### TASK STATEMENT
Only an exact retyping of all the entries counts as an answer.

EXERCISE MATERIALS below:

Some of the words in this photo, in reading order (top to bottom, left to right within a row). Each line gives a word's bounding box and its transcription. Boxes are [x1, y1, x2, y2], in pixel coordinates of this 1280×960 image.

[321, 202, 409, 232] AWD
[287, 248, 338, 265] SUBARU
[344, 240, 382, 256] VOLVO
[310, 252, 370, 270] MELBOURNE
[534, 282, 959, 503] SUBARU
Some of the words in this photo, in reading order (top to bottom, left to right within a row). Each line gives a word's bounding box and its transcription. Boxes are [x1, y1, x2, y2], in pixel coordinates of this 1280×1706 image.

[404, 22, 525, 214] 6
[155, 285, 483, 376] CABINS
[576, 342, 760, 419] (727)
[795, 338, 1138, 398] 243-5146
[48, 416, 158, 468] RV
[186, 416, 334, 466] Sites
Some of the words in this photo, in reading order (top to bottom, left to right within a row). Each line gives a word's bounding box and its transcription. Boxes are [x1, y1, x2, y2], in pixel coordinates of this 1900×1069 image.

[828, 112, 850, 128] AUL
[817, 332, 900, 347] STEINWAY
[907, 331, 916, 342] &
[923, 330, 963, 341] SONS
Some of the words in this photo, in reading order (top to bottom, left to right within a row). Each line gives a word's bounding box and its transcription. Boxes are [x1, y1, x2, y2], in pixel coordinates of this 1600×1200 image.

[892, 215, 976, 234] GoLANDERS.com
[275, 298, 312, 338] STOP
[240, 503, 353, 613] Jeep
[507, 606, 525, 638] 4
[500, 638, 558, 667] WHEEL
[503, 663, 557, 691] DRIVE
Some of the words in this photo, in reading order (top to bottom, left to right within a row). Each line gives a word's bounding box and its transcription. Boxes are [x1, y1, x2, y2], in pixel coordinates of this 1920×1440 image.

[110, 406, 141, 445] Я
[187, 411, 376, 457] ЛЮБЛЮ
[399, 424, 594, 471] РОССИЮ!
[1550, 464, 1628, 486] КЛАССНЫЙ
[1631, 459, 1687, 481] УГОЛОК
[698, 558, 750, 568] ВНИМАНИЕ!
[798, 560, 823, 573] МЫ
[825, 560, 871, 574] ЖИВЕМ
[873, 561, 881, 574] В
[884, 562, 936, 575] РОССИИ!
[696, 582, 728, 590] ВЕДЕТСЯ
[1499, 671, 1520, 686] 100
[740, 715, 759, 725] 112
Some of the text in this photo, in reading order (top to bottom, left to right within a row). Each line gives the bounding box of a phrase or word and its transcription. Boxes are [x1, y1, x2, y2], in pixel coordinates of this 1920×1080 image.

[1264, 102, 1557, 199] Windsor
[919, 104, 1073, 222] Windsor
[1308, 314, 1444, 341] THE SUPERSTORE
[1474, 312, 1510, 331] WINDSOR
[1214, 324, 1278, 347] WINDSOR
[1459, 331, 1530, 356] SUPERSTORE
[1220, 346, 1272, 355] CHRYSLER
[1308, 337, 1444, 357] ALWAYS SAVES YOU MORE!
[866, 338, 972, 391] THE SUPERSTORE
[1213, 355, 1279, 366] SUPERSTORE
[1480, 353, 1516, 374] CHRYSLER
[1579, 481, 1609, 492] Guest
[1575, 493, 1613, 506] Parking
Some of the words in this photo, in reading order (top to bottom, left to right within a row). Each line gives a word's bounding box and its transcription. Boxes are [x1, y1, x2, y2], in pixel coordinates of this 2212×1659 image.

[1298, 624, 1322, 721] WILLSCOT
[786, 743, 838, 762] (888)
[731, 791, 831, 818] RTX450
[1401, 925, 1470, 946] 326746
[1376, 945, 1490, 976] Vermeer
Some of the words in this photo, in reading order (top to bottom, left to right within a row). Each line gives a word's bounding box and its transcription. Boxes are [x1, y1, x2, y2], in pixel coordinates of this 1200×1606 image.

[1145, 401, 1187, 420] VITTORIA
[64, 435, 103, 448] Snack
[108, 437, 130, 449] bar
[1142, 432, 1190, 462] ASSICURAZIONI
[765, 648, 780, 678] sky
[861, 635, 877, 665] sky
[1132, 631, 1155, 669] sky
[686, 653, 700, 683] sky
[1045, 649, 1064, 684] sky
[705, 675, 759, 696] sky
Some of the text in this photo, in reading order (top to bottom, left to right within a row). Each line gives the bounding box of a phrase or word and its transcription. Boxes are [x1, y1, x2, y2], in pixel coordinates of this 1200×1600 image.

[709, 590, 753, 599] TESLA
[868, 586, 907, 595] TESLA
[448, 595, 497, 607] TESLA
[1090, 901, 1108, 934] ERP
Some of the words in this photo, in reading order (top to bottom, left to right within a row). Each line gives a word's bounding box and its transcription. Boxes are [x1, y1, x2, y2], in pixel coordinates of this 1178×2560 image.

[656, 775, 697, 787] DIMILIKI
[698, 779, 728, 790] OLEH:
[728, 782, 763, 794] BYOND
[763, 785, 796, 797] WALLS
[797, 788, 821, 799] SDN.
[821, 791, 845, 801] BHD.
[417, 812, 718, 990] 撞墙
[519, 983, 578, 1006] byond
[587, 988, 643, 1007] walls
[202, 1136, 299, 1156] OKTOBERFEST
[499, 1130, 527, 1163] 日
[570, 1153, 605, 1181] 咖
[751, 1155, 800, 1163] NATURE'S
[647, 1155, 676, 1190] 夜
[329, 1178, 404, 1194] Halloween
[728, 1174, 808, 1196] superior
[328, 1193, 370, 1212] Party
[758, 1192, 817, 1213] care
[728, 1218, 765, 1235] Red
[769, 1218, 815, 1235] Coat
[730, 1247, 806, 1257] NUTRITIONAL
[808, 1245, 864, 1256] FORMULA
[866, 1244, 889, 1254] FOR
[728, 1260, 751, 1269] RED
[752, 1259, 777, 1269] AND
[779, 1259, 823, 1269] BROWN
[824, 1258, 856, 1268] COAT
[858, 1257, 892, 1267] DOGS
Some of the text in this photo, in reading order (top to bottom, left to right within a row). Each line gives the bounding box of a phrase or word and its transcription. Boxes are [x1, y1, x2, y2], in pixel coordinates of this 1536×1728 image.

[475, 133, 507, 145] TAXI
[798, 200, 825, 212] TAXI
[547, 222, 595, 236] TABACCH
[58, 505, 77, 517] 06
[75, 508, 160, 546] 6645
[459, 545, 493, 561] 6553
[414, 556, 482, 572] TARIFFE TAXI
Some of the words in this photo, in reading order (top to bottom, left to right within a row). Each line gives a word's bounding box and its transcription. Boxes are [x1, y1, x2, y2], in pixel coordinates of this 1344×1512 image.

End of EXERCISE MATERIALS.

### ANSWER AREA
Some of the words in this photo, in reading order (top to bottom, left to right within a row). Each line gives a word's bounding box and its transcription. Boxes are [x1, y1, x2, y2], in pixel coordinates of this 1280×960 image.

[321, 202, 409, 232] AWD
[287, 248, 338, 265] SUBARU
[344, 240, 382, 256] VOLVO
[310, 252, 370, 270] MELBOURNE
[534, 282, 959, 503] SUBARU
Some of the words in this photo, in reading order (top to bottom, left to right within a row). Each line gives a word's bounding box and its transcription. Boxes are [x1, y1, x2, y2], in pixel coordinates of this 1280×1706 image.

[404, 22, 525, 214] 6
[155, 285, 483, 376] CABINS
[576, 342, 760, 419] (727)
[795, 338, 1138, 398] 243-5146
[48, 416, 158, 468] RV
[186, 416, 334, 466] Sites
Some of the words in this photo, in reading order (top to bottom, left to right within a row). Each line gives a word's bounding box and its transcription. Boxes are [x1, y1, x2, y2], in pixel coordinates of this 1900×1069 image.

[828, 112, 850, 128] AUL
[817, 332, 900, 347] STEINWAY
[907, 331, 916, 342] &
[923, 330, 963, 341] SONS
Some of the words in this photo, in reading order (top to bottom, left to right within a row). Each line gives a word's bounding box and its transcription. Boxes are [x1, y1, x2, y2], in pixel coordinates of this 1600×1200 image.

[892, 215, 976, 234] GoLANDERS.com
[275, 298, 312, 338] STOP
[240, 503, 353, 613] Jeep
[507, 606, 525, 638] 4
[500, 638, 558, 667] WHEEL
[503, 663, 557, 691] DRIVE
Some of the words in this photo, in reading order (top to bottom, left to right within a row). Each line gives a word's bounding box and its transcription. Boxes are [x1, y1, x2, y2], in pixel coordinates of this 1920×1440 image.

[110, 406, 141, 445] Я
[187, 411, 376, 457] ЛЮБЛЮ
[399, 424, 594, 471] РОССИЮ!
[1550, 464, 1628, 486] КЛАССНЫЙ
[1631, 459, 1687, 481] УГОЛОК
[698, 558, 750, 568] ВНИМАНИЕ!
[798, 560, 823, 573] МЫ
[825, 560, 871, 574] ЖИВЕМ
[873, 561, 881, 574] В
[884, 562, 936, 575] РОССИИ!
[696, 582, 728, 590] ВЕДЕТСЯ
[1499, 671, 1520, 686] 100
[740, 715, 759, 725] 112
Some of the text in this photo, in reading order (top to bottom, left to right within a row). Each line gives the bounding box of a phrase or word and its transcription. Boxes are [x1, y1, x2, y2], in pixel coordinates of this 1920×1080 image.

[1264, 102, 1557, 199] Windsor
[919, 104, 1073, 222] Windsor
[1308, 314, 1444, 341] THE SUPERSTORE
[1474, 312, 1510, 331] WINDSOR
[1214, 324, 1278, 347] WINDSOR
[1459, 331, 1530, 356] SUPERSTORE
[1220, 346, 1272, 355] CHRYSLER
[1308, 337, 1444, 357] ALWAYS SAVES YOU MORE!
[866, 338, 972, 391] THE SUPERSTORE
[1213, 355, 1279, 366] SUPERSTORE
[1480, 353, 1516, 374] CHRYSLER
[1579, 481, 1609, 492] Guest
[1575, 493, 1613, 506] Parking
Some of the words in this photo, in reading order (top to bottom, left to right within a row). Each line gives a word's bounding box and its transcription. Boxes are [x1, y1, x2, y2], in pixel coordinates of this 2212×1659 image.

[1298, 624, 1322, 721] WILLSCOT
[786, 743, 838, 762] (888)
[731, 791, 831, 818] RTX450
[1401, 925, 1470, 946] 326746
[1376, 945, 1490, 976] Vermeer
Some of the words in this photo, in reading order (top to bottom, left to right within a row). Each line gives a word's bounding box and its transcription. Boxes are [x1, y1, x2, y2], in pixel coordinates of this 1200×1606 image.

[1145, 401, 1187, 420] VITTORIA
[64, 435, 103, 448] Snack
[108, 437, 130, 449] bar
[1142, 432, 1190, 462] ASSICURAZIONI
[765, 648, 780, 678] sky
[861, 635, 877, 665] sky
[1132, 631, 1155, 669] sky
[686, 653, 700, 683] sky
[1045, 649, 1064, 684] sky
[705, 675, 759, 696] sky
Some of the text in this photo, in reading order (top to bottom, left to right within a row). Each line gives the bounding box of a phrase or word and its transcription. Boxes are [x1, y1, x2, y2], in pixel coordinates of this 1200×1600 image.

[709, 590, 753, 599] TESLA
[868, 586, 907, 595] TESLA
[448, 595, 497, 607] TESLA
[1090, 901, 1108, 934] ERP
Some of the words in this photo, in reading order (top to bottom, left to right within a row). Each line gives a word's bounding box and its transcription. Boxes are [x1, y1, x2, y2], in pixel coordinates of this 1178×2560 image.

[656, 775, 697, 787] DIMILIKI
[698, 779, 728, 790] OLEH:
[728, 782, 763, 794] BYOND
[763, 785, 796, 797] WALLS
[797, 788, 821, 799] SDN.
[821, 791, 845, 801] BHD.
[417, 812, 718, 990] 撞墙
[519, 983, 578, 1006] byond
[587, 988, 643, 1007] walls
[202, 1136, 299, 1156] OKTOBERFEST
[499, 1130, 527, 1163] 日
[570, 1153, 605, 1181] 咖
[751, 1155, 800, 1163] NATURE'S
[647, 1155, 676, 1190] 夜
[329, 1178, 404, 1194] Halloween
[728, 1174, 808, 1196] superior
[328, 1193, 370, 1212] Party
[758, 1192, 817, 1213] care
[728, 1218, 765, 1235] Red
[769, 1218, 815, 1235] Coat
[730, 1247, 806, 1257] NUTRITIONAL
[808, 1245, 864, 1256] FORMULA
[866, 1244, 889, 1254] FOR
[728, 1260, 751, 1269] RED
[752, 1259, 777, 1269] AND
[779, 1259, 823, 1269] BROWN
[824, 1258, 856, 1268] COAT
[858, 1257, 892, 1267] DOGS
Some of the text in this photo, in reading order (top to bottom, left to right within a row). Each line gives the bounding box of a phrase or word and its transcription. Boxes are [x1, y1, x2, y2], in pixel coordinates of this 1536×1728 image.

[475, 133, 507, 145] TAXI
[798, 200, 825, 212] TAXI
[547, 222, 595, 236] TABACCH
[58, 505, 77, 517] 06
[75, 508, 160, 546] 6645
[459, 545, 493, 561] 6553
[414, 556, 482, 572] TARIFFE TAXI
Some of the words in this photo, in reading order (top to bottom, left to right within a row). Each line gives a word's bounding box and its transcription. Boxes are [x1, y1, x2, y2], in pixel coordinates of this 1344×1512 image.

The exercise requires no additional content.